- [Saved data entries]
Start of Block
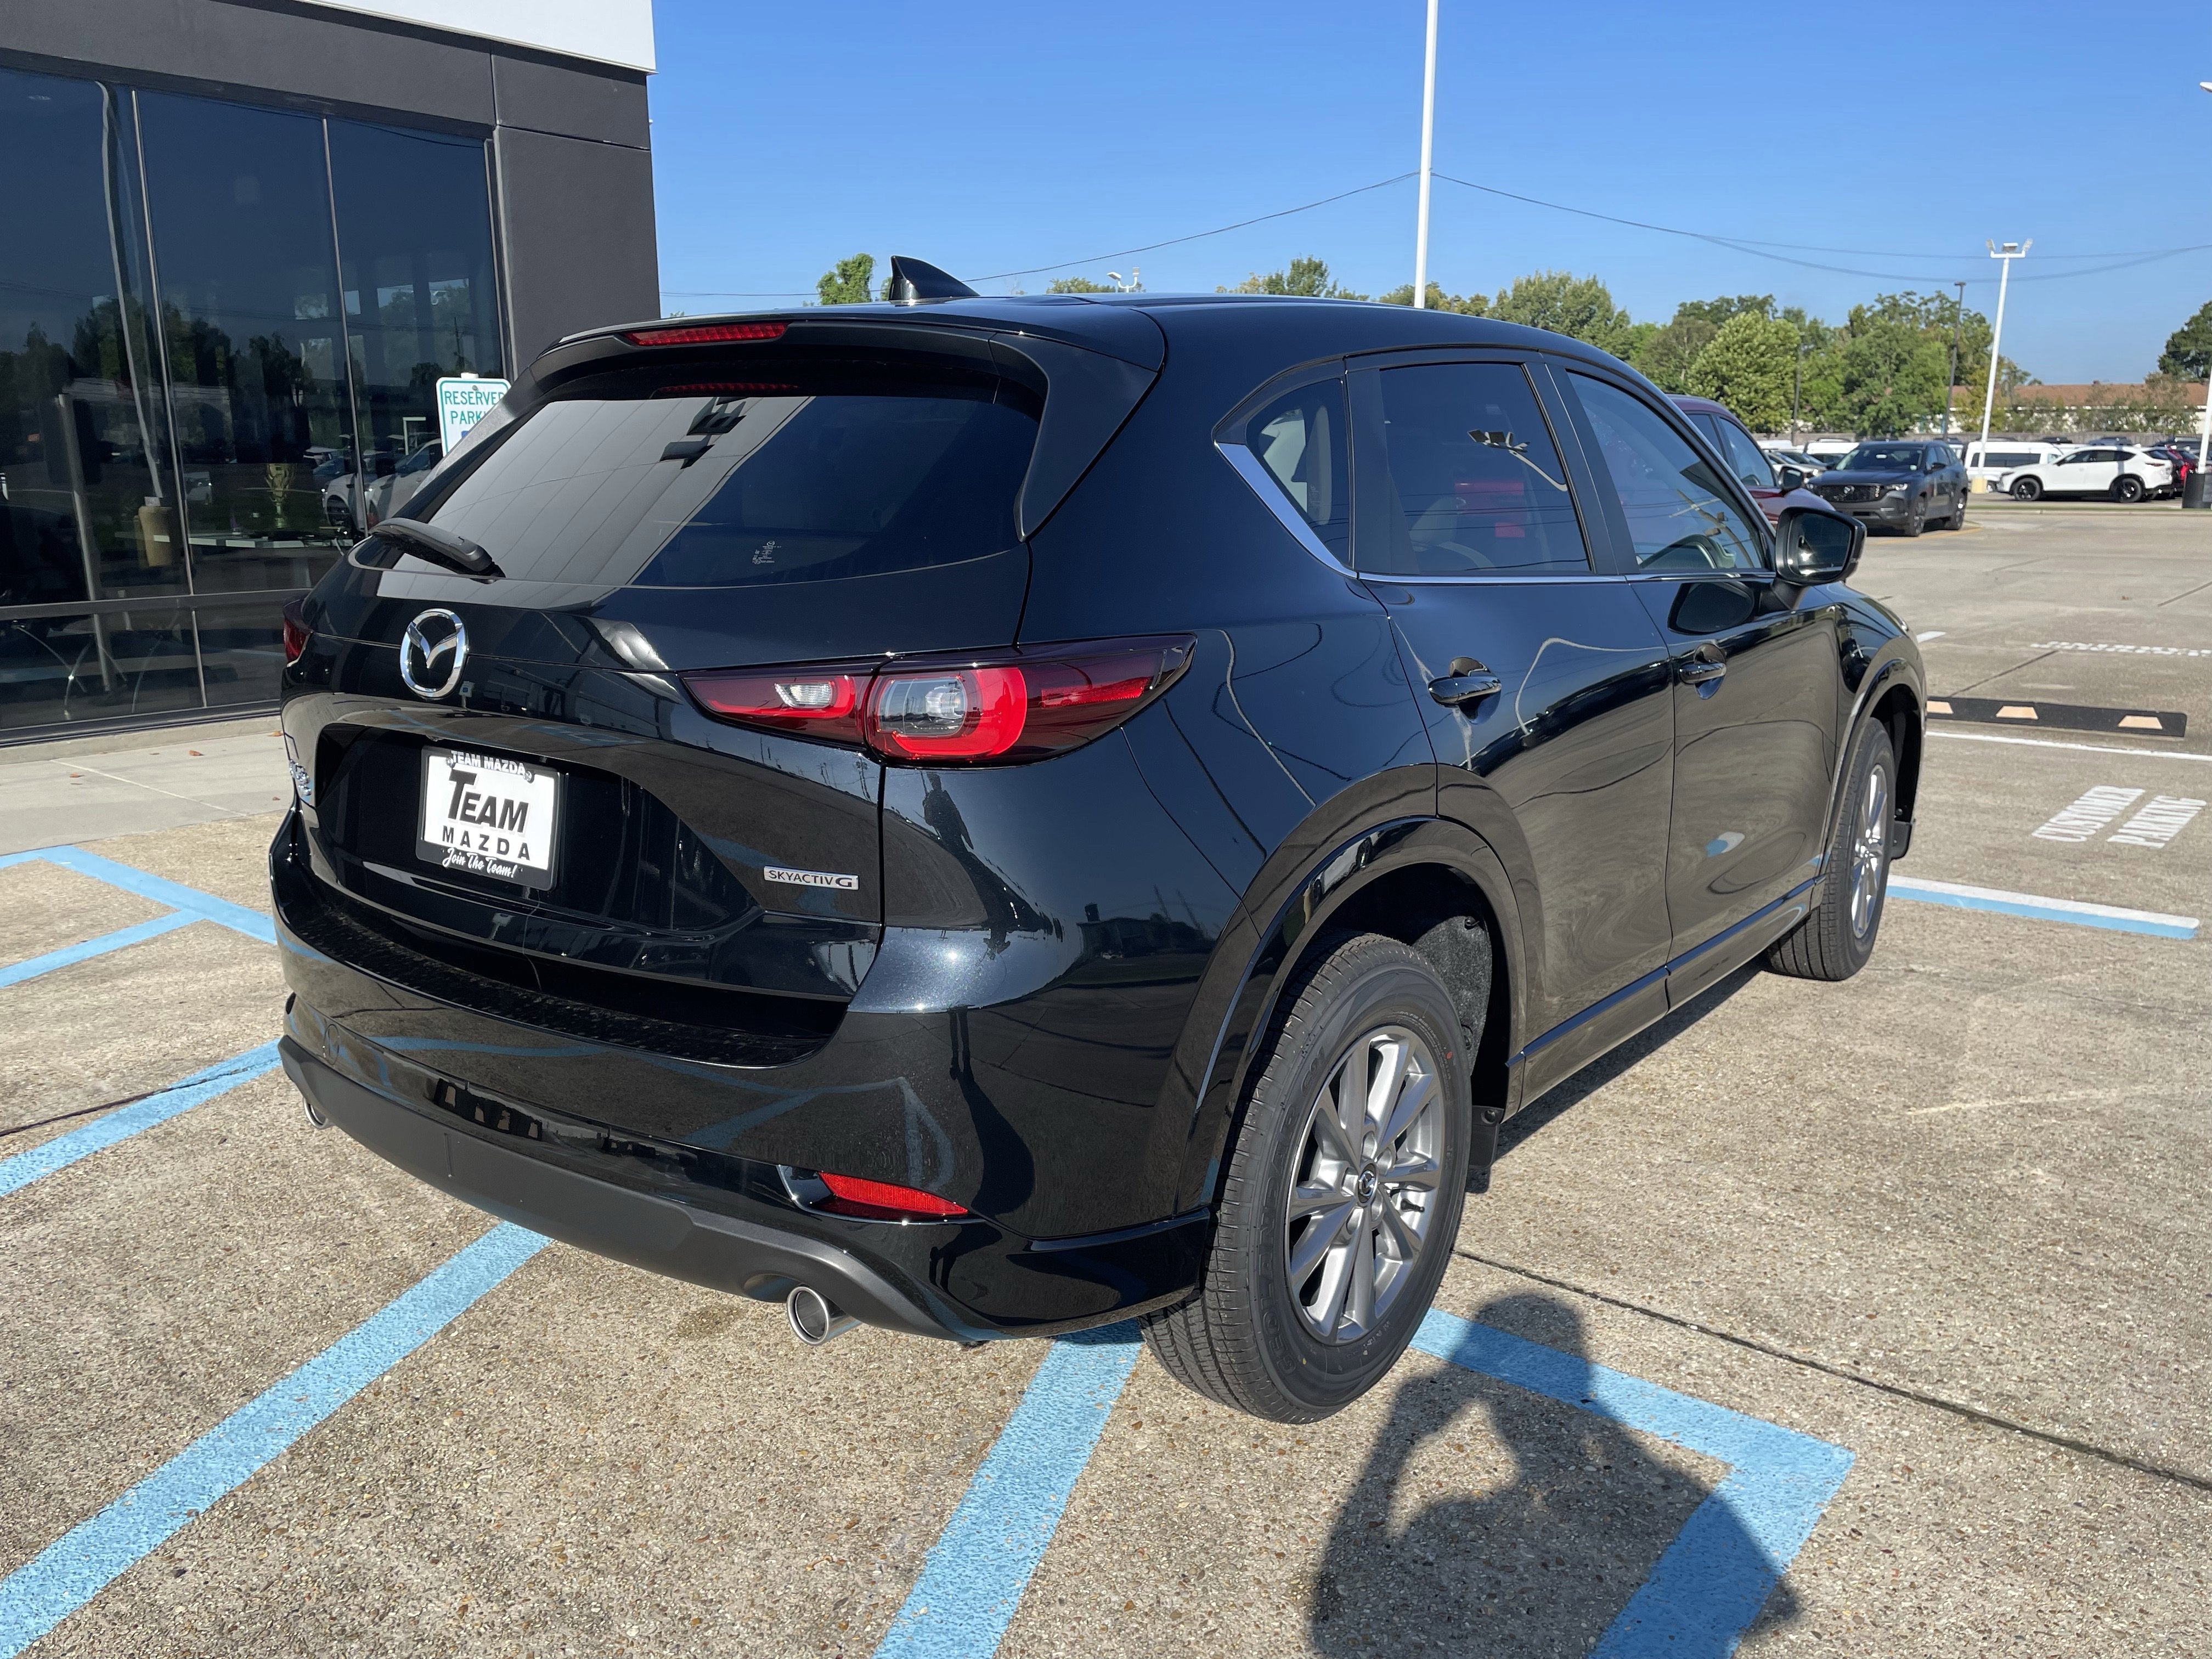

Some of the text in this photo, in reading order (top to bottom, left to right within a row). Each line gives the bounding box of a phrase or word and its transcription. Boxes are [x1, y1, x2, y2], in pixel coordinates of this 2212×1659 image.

[450, 411, 486, 425] PARK
[450, 750, 526, 776] TEAM MAZDA
[448, 769, 529, 833] TEAM
[2031, 786, 2146, 842] CUSTOMER
[2107, 795, 2207, 849] PARKING
[442, 825, 530, 861] MAZDA
[442, 848, 517, 878] Join The Team!
[1259, 1103, 1301, 1374] GEOLANDAR
End of Block
- [WORK REQUIRED]
Could the entries above be returned verbatim, with no pictures included?

- [ANSWER SPACE]
Some of the text in this photo, in reading order (top to bottom, left to right within a row). Each line gives the bounding box of a phrase or word and its transcription. Boxes are [x1, y1, x2, y2], in pixel coordinates of this 2212×1659 image.

[450, 411, 486, 425] PARK
[450, 750, 526, 776] TEAM MAZDA
[448, 769, 529, 833] TEAM
[2031, 786, 2146, 842] CUSTOMER
[2107, 795, 2207, 849] PARKING
[442, 825, 530, 861] MAZDA
[442, 848, 517, 878] Join The Team!
[1259, 1103, 1301, 1374] GEOLANDAR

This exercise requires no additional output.